Speaker
Mr
Feng Luo
(University of Minnesota)
Description
We consider the effects of uncertainties in nuclear reaction rates on the cosmological constraints on the decays of unstable particles during or after Big-Bang nucleosynthesis (BBN). We identify the nuclear reactions due to non-thermal hadrons that are the most important in perturbing standard BBN, then quantify the uncertainties in these reactions and in the resulting light-element abundances. These results also indicate the key nuclear processes for which improved cross section data would allow different light-element abundances to be determined more accurately, thereby making possible more precise probes of BBN and evaluations of the cosmological constraints on unstable particles. Applying this analysis to models with unstable gravitinos decaying into neutralinos, we calculate the likelihood function for the light-element abundances measured currently, taking into account the current experimental errors in the determinations of the relevant nuclear reaction rates.

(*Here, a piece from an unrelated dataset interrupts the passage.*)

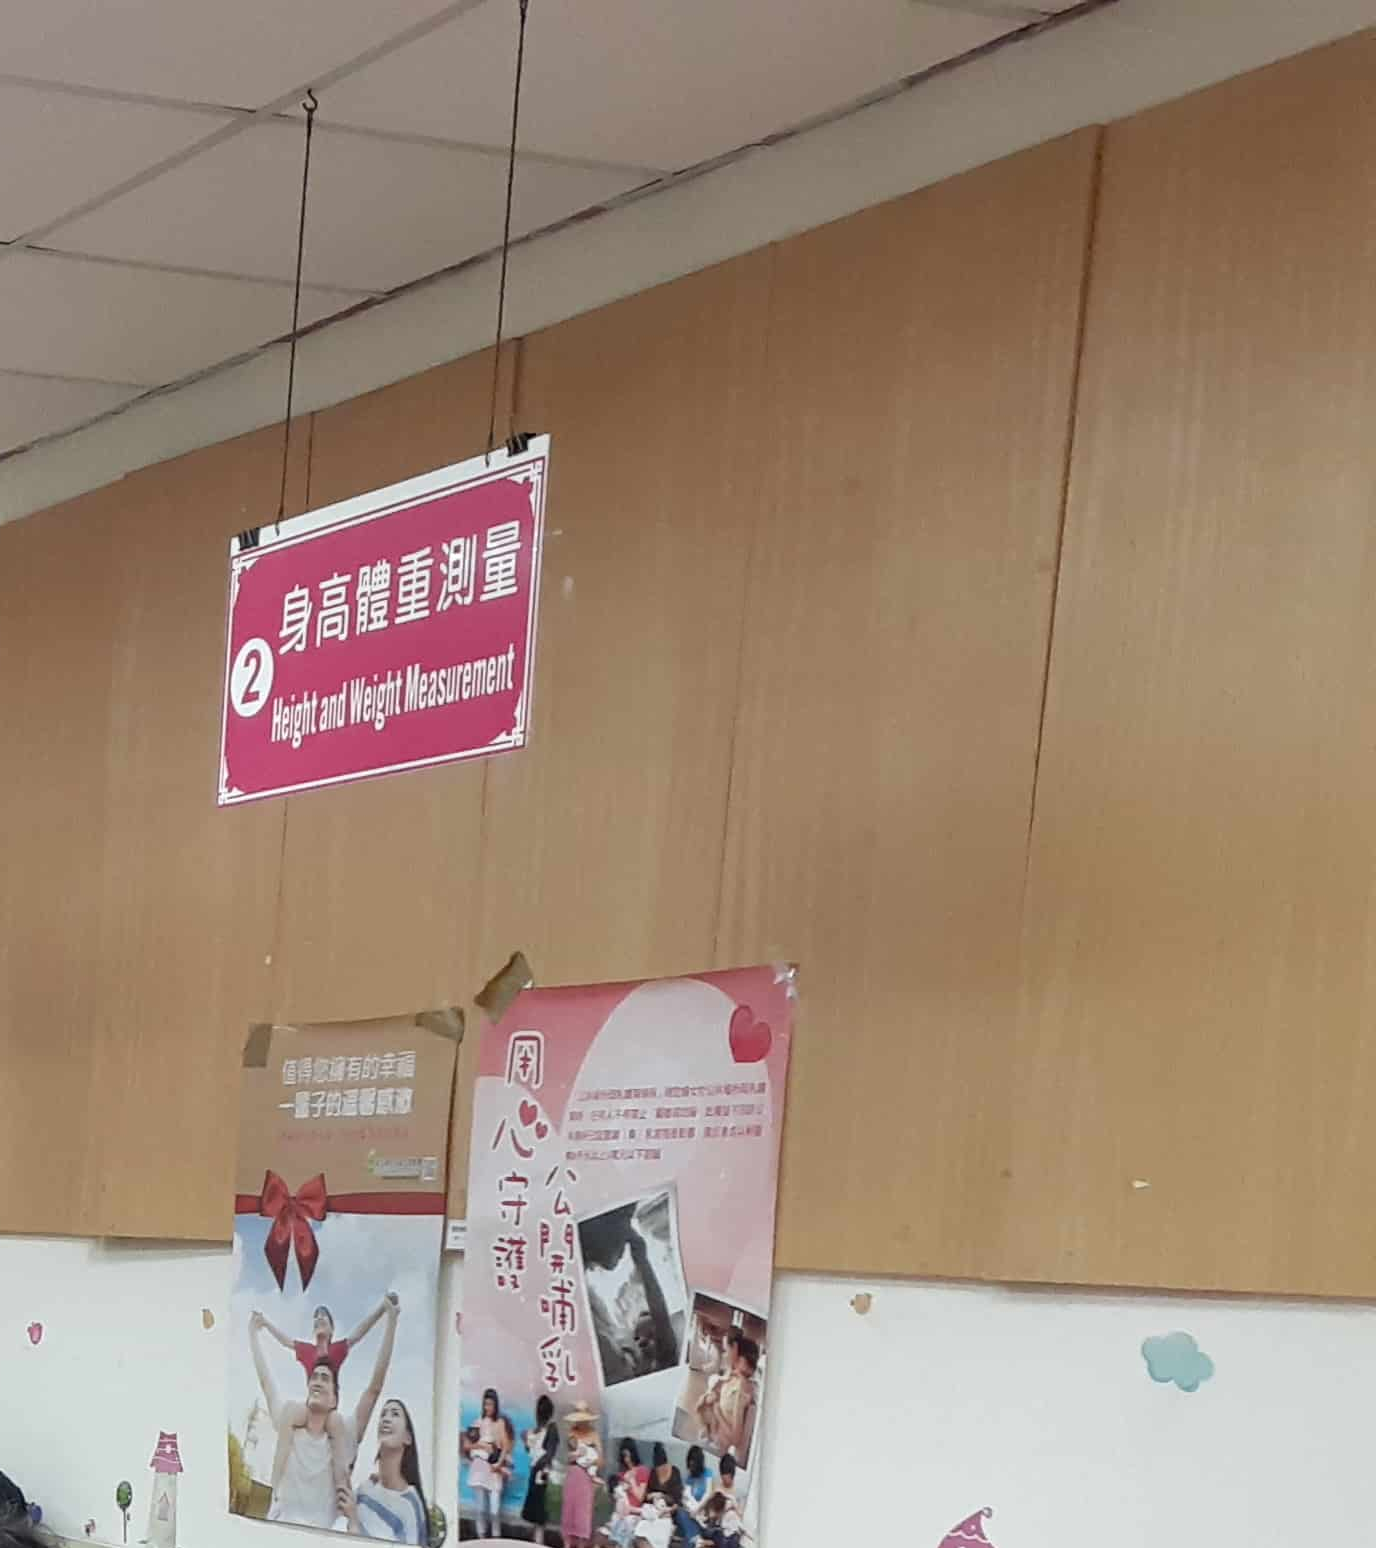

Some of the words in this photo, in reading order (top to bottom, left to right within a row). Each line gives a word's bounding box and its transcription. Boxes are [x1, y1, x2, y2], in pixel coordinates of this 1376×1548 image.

We also report a preliminary result about the effects of the residual late-time dark matter particle annihilations during and after BBN on the predicted cosmological abundances of the light elements. Within the constrained minimal supersymmetric extension of the Standard Model (CMSSM) with a neutralino lightest supersymmetric particle (LSP), we find negligible effects on the abundances of Deuterium, 3He, 4He and 7Li predicted by homogeneous BBN, but potentially a large enhancement in the predicted abundance of 6Li.